Christmas dinner. Or Christmas lunch, if you prefer; is a meal that is often looked forward to more than any other. That is, unless you are the cook. For the person organising what is often a giant feast for many hungry mouths, Christmas dinner can be a taxing and frantic meal to create. Firstly you have the pressure of cooking for a larger crowd than you are generally used to, and secondly, with Christmas being a time where most of us want everything to be absolutely perfect, there is the added stress of making sure everyone has a meal that is as perfect as can be.
With Christmas being a busy day anyway, cooking a turkey, roasting those potatoes, and preparing the rest of the meal is a mean feat, and one that often results in somebody (namely you!) having to be up at the crack of dawn, basting a bird that can barely fit in your oven, and panicking over whether the whole thing is going to be ready in time.
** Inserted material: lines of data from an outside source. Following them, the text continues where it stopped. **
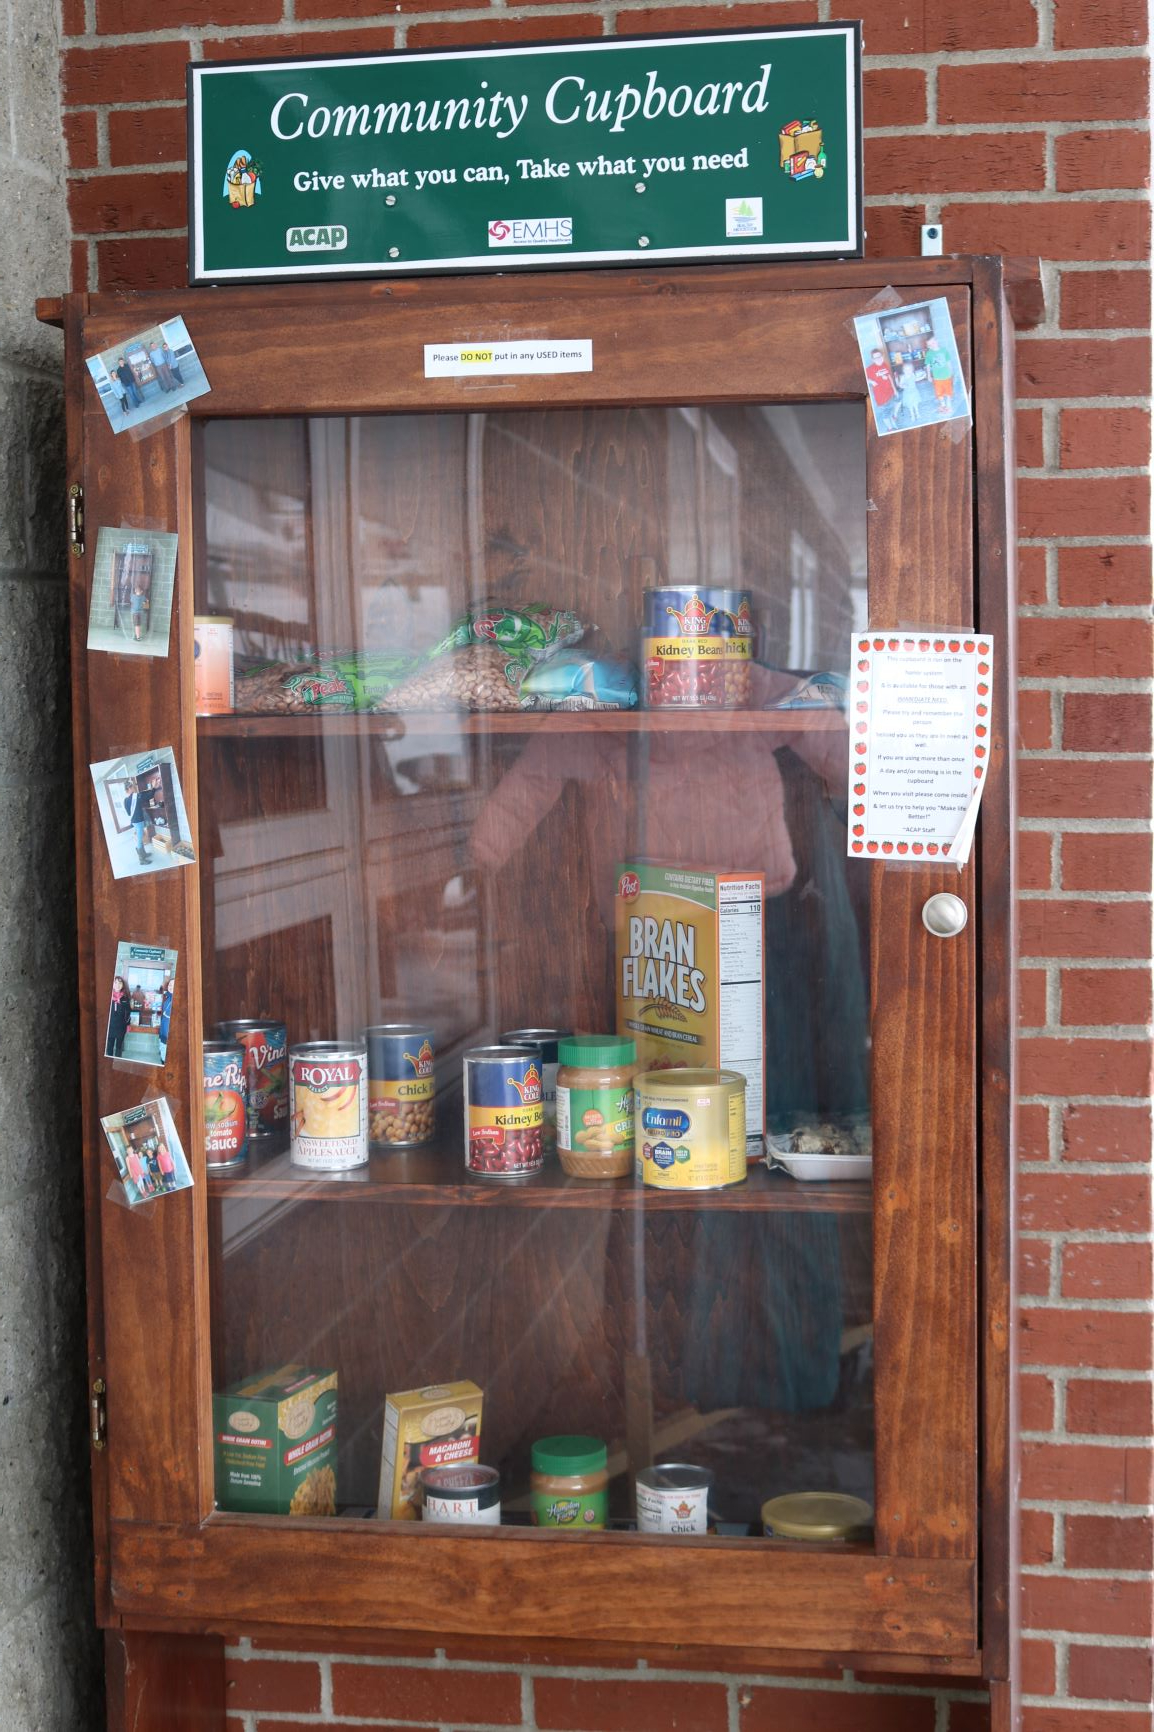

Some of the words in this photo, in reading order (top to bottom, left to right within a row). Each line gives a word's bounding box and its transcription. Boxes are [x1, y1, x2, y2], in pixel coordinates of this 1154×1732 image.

[270, 80, 528, 140] Community
[545, 63, 772, 133] Cupboard
[293, 170, 345, 192] Give
[351, 167, 409, 188] what
[415, 166, 457, 190] you
[463, 164, 510, 184] can,
[516, 158, 570, 179] Take
[577, 155, 637, 177] what
[642, 154, 685, 178] you
[691, 148, 749, 169] need
[513, 220, 572, 239] EMHS
[289, 227, 345, 248] ACAP
[433, 354, 459, 362] Please
[460, 353, 474, 361] DO
[475, 353, 493, 361] NOT
[494, 353, 508, 362] put
[510, 352, 518, 360] in
[519, 353, 534, 361] any
[536, 351, 558, 359] USED
[559, 350, 583, 358] items
[684, 616, 707, 624] KING
[684, 624, 707, 632] COLE
[656, 645, 694, 657] Kidney
[725, 642, 747, 654] hick
[311, 679, 347, 700] Peak
[622, 876, 638, 896] Post
[629, 915, 696, 968] BRAN
[622, 956, 706, 1014] FLAKES
[203, 1074, 223, 1088] ne
[301, 1067, 354, 1086] ROYAL
[397, 1084, 428, 1096] Chick
[217, 1120, 238, 1129] sodium
[495, 1114, 532, 1126] Kidney
[646, 1112, 682, 1127] Enfamil
[210, 1128, 233, 1137] tomato
[205, 1136, 237, 1151] Sauce
[298, 1138, 358, 1147] UNSWEETENED
[297, 1147, 356, 1157] APPLESAUCE
[428, 1440, 473, 1456] MACARONI
[435, 1455, 442, 1463] &
[443, 1447, 474, 1461] CHEESE
[427, 1497, 477, 1514] HART
[671, 1524, 696, 1533] Chick
Well, if the thought of cooking Christmas dinner fills you with dread rather than joy, perhaps it is time to let a little Christmas meal prepping help you de-stress, and actually have a little fun on Christmas morning rather than running around like a...well, headless turkey!
Yes, even the turkey can be prepped
Speaking of turkey, it isn’t just the side dishes that can be prepared in advance, the big centre-piece can be too, just maybe not as a whole turkey. For those that don’t mind a slightly different aesthetic (surely it’s the taste that really matters!), you can either cook a turkey a day or two early, and refrigerate it after carving, or you can get the turkey ‘boned and rolled’. This can then either be cooked on the day (far quicker than when cooking a whole turkey) or pre-cooked, popped into the fridge, and stored in your meal prep containers. For those wishing to prep the meal more than a few days in advance, there is no reason why you can’t freeze the cooked turkey either, so if your immediate run-up to Christmas is particularly busy, get cooking the week before! As always, make sure you defrost thoroughly on the day before you re-heat.
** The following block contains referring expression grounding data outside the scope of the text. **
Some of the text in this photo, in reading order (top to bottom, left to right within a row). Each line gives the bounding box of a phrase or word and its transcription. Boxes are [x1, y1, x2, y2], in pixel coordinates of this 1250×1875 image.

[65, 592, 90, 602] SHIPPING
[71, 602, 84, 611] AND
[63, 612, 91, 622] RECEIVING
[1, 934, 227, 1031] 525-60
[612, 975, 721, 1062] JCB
Another cherished meaty Christmas dish is ‘pigs in blankets’. These little sausages wrapped in bacon seem to be a firm favourite amongst adults and kids alike, but this Christmas, there may be a few households going short in this department. A worker shortage in multiple production facilities means that many in the UK may be without their favourite Christmas accompaniment, come the end of December. The only solution to avoid this? Grab your pigs in blankets now, or make your own from scratch! Similar to your pre-cooked turkey, this side dish freezes extremely well, so why not fill up a couple of your meal prep containers with them, and avoid any awkwardness at the dinner table when the kids ask you where those little sausages are!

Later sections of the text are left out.